Stored items from a collection:

-*-

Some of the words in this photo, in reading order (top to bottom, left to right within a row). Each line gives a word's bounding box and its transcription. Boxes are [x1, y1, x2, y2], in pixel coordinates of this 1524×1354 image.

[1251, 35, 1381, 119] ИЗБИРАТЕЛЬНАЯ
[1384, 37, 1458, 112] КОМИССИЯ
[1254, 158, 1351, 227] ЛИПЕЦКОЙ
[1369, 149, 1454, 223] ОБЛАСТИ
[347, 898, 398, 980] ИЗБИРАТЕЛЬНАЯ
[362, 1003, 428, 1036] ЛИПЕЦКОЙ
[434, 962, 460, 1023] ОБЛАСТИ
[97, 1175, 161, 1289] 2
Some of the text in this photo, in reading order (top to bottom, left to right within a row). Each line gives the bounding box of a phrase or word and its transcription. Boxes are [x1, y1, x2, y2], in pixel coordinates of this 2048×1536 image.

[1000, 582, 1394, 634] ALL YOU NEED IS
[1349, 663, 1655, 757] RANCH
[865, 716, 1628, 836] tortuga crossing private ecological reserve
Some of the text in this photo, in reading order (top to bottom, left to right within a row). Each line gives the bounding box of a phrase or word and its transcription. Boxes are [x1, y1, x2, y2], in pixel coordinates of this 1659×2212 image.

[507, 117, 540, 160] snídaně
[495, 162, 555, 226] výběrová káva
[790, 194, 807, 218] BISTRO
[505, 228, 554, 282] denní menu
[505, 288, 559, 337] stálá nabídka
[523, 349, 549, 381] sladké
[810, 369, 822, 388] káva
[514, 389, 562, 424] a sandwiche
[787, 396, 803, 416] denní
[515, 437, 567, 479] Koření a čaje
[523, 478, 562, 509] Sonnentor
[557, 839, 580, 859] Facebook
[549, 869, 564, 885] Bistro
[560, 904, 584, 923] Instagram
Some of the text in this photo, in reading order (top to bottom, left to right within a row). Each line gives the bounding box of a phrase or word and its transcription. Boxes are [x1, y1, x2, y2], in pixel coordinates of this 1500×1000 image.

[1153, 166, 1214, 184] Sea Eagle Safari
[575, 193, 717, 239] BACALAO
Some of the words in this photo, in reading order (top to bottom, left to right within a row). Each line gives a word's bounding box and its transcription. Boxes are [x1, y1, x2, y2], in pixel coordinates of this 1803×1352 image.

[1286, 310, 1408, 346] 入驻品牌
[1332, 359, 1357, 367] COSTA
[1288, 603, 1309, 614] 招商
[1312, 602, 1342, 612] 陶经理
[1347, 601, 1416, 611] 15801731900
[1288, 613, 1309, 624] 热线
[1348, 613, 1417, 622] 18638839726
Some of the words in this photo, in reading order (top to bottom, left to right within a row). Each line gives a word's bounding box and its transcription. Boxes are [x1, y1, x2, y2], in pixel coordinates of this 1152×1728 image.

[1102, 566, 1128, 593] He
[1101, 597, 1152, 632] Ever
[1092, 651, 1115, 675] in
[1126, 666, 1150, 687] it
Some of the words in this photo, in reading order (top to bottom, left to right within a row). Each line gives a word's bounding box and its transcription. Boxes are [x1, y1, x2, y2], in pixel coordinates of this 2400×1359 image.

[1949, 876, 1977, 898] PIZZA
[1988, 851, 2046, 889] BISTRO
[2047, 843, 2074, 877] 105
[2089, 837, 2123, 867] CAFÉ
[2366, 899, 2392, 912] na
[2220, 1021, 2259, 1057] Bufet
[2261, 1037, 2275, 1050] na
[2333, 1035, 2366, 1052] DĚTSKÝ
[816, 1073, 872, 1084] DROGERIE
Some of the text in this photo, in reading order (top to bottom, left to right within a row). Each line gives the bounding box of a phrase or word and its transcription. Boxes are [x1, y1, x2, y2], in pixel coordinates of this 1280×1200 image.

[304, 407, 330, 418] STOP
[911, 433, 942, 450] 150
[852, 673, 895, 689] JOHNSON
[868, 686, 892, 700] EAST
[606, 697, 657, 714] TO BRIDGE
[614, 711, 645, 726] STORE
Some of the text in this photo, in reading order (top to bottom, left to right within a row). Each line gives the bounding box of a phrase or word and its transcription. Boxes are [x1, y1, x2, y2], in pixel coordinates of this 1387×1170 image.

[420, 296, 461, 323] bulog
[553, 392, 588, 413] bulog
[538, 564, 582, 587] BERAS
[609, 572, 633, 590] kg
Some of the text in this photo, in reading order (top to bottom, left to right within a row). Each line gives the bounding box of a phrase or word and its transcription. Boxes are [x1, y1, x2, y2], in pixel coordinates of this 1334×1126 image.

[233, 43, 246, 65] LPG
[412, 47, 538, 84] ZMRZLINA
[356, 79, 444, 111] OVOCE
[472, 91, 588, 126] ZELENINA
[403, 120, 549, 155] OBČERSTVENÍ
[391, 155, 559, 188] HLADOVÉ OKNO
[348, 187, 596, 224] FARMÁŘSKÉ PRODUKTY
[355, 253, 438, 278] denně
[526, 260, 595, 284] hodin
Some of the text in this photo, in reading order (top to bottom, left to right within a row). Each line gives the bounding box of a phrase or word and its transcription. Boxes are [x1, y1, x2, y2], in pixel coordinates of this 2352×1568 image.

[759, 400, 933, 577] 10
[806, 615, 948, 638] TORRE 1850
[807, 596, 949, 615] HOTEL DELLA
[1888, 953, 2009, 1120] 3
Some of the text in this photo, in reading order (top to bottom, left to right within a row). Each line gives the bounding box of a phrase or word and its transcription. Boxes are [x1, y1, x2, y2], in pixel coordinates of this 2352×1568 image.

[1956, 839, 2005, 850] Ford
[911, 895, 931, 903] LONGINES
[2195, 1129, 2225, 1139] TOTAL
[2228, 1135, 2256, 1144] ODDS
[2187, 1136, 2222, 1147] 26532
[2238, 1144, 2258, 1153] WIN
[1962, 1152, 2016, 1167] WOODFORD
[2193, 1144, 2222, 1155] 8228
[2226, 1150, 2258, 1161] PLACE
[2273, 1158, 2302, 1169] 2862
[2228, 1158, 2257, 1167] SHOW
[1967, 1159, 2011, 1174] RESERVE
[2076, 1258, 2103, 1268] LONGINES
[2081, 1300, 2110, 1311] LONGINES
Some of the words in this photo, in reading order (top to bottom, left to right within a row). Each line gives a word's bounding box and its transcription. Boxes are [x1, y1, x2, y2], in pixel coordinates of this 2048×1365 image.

-*-

BRIEF: Word for word, copy every entry.

RESULT:
Some of the words in this photo, in reading order (top to bottom, left to right within a row). Each line gives a word's bounding box and its transcription. Boxes are [x1, y1, x2, y2], in pixel coordinates of this 1524×1354 image.

[1251, 35, 1381, 119] ИЗБИРАТЕЛЬНАЯ
[1384, 37, 1458, 112] КОМИССИЯ
[1254, 158, 1351, 227] ЛИПЕЦКОЙ
[1369, 149, 1454, 223] ОБЛАСТИ
[347, 898, 398, 980] ИЗБИРАТЕЛЬНАЯ
[362, 1003, 428, 1036] ЛИПЕЦКОЙ
[434, 962, 460, 1023] ОБЛАСТИ
[97, 1175, 161, 1289] 2
Some of the text in this photo, in reading order (top to bottom, left to right within a row). Each line gives the bounding box of a phrase or word and its transcription. Boxes are [x1, y1, x2, y2], in pixel coordinates of this 2048×1536 image.

[1000, 582, 1394, 634] ALL YOU NEED IS
[1349, 663, 1655, 757] RANCH
[865, 716, 1628, 836] tortuga crossing private ecological reserve
Some of the text in this photo, in reading order (top to bottom, left to right within a row). Each line gives the bounding box of a phrase or word and its transcription. Boxes are [x1, y1, x2, y2], in pixel coordinates of this 1659×2212 image.

[507, 117, 540, 160] snídaně
[495, 162, 555, 226] výběrová káva
[790, 194, 807, 218] BISTRO
[505, 228, 554, 282] denní menu
[505, 288, 559, 337] stálá nabídka
[523, 349, 549, 381] sladké
[810, 369, 822, 388] káva
[514, 389, 562, 424] a sandwiche
[787, 396, 803, 416] denní
[515, 437, 567, 479] Koření a čaje
[523, 478, 562, 509] Sonnentor
[557, 839, 580, 859] Facebook
[549, 869, 564, 885] Bistro
[560, 904, 584, 923] Instagram
Some of the text in this photo, in reading order (top to bottom, left to right within a row). Each line gives the bounding box of a phrase or word and its transcription. Boxes are [x1, y1, x2, y2], in pixel coordinates of this 1500×1000 image.

[1153, 166, 1214, 184] Sea Eagle Safari
[575, 193, 717, 239] BACALAO
Some of the words in this photo, in reading order (top to bottom, left to right within a row). Each line gives a word's bounding box and its transcription. Boxes are [x1, y1, x2, y2], in pixel coordinates of this 1803×1352 image.

[1286, 310, 1408, 346] 入驻品牌
[1332, 359, 1357, 367] COSTA
[1288, 603, 1309, 614] 招商
[1312, 602, 1342, 612] 陶经理
[1347, 601, 1416, 611] 15801731900
[1288, 613, 1309, 624] 热线
[1348, 613, 1417, 622] 18638839726
Some of the words in this photo, in reading order (top to bottom, left to right within a row). Each line gives a word's bounding box and its transcription. Boxes are [x1, y1, x2, y2], in pixel coordinates of this 1152×1728 image.

[1102, 566, 1128, 593] He
[1101, 597, 1152, 632] Ever
[1092, 651, 1115, 675] in
[1126, 666, 1150, 687] it
Some of the words in this photo, in reading order (top to bottom, left to right within a row). Each line gives a word's bounding box and its transcription. Boxes are [x1, y1, x2, y2], in pixel coordinates of this 2400×1359 image.

[1949, 876, 1977, 898] PIZZA
[1988, 851, 2046, 889] BISTRO
[2047, 843, 2074, 877] 105
[2089, 837, 2123, 867] CAFÉ
[2366, 899, 2392, 912] na
[2220, 1021, 2259, 1057] Bufet
[2261, 1037, 2275, 1050] na
[2333, 1035, 2366, 1052] DĚTSKÝ
[816, 1073, 872, 1084] DROGERIE
Some of the text in this photo, in reading order (top to bottom, left to right within a row). Each line gives the bounding box of a phrase or word and its transcription. Boxes are [x1, y1, x2, y2], in pixel coordinates of this 1280×1200 image.

[304, 407, 330, 418] STOP
[911, 433, 942, 450] 150
[852, 673, 895, 689] JOHNSON
[868, 686, 892, 700] EAST
[606, 697, 657, 714] TO BRIDGE
[614, 711, 645, 726] STORE
Some of the text in this photo, in reading order (top to bottom, left to right within a row). Each line gives the bounding box of a phrase or word and its transcription. Boxes are [x1, y1, x2, y2], in pixel coordinates of this 1387×1170 image.

[420, 296, 461, 323] bulog
[553, 392, 588, 413] bulog
[538, 564, 582, 587] BERAS
[609, 572, 633, 590] kg
Some of the text in this photo, in reading order (top to bottom, left to right within a row). Each line gives the bounding box of a phrase or word and its transcription. Boxes are [x1, y1, x2, y2], in pixel coordinates of this 1334×1126 image.

[233, 43, 246, 65] LPG
[412, 47, 538, 84] ZMRZLINA
[356, 79, 444, 111] OVOCE
[472, 91, 588, 126] ZELENINA
[403, 120, 549, 155] OBČERSTVENÍ
[391, 155, 559, 188] HLADOVÉ OKNO
[348, 187, 596, 224] FARMÁŘSKÉ PRODUKTY
[355, 253, 438, 278] denně
[526, 260, 595, 284] hodin
Some of the text in this photo, in reading order (top to bottom, left to right within a row). Each line gives the bounding box of a phrase or word and its transcription. Boxes are [x1, y1, x2, y2], in pixel coordinates of this 2352×1568 image.

[759, 400, 933, 577] 10
[806, 615, 948, 638] TORRE 1850
[807, 596, 949, 615] HOTEL DELLA
[1888, 953, 2009, 1120] 3
Some of the text in this photo, in reading order (top to bottom, left to right within a row). Each line gives the bounding box of a phrase or word and its transcription. Boxes are [x1, y1, x2, y2], in pixel coordinates of this 2352×1568 image.

[1956, 839, 2005, 850] Ford
[911, 895, 931, 903] LONGINES
[2195, 1129, 2225, 1139] TOTAL
[2228, 1135, 2256, 1144] ODDS
[2187, 1136, 2222, 1147] 26532
[2238, 1144, 2258, 1153] WIN
[1962, 1152, 2016, 1167] WOODFORD
[2193, 1144, 2222, 1155] 8228
[2226, 1150, 2258, 1161] PLACE
[2273, 1158, 2302, 1169] 2862
[2228, 1158, 2257, 1167] SHOW
[1967, 1159, 2011, 1174] RESERVE
[2076, 1258, 2103, 1268] LONGINES
[2081, 1300, 2110, 1311] LONGINES
Some of the words in this photo, in reading order (top to bottom, left to right within a row). Each line gives a word's bounding box and its transcription. Boxes are [x1, y1, x2, y2], in pixel coordinates of this 2048×1365 image.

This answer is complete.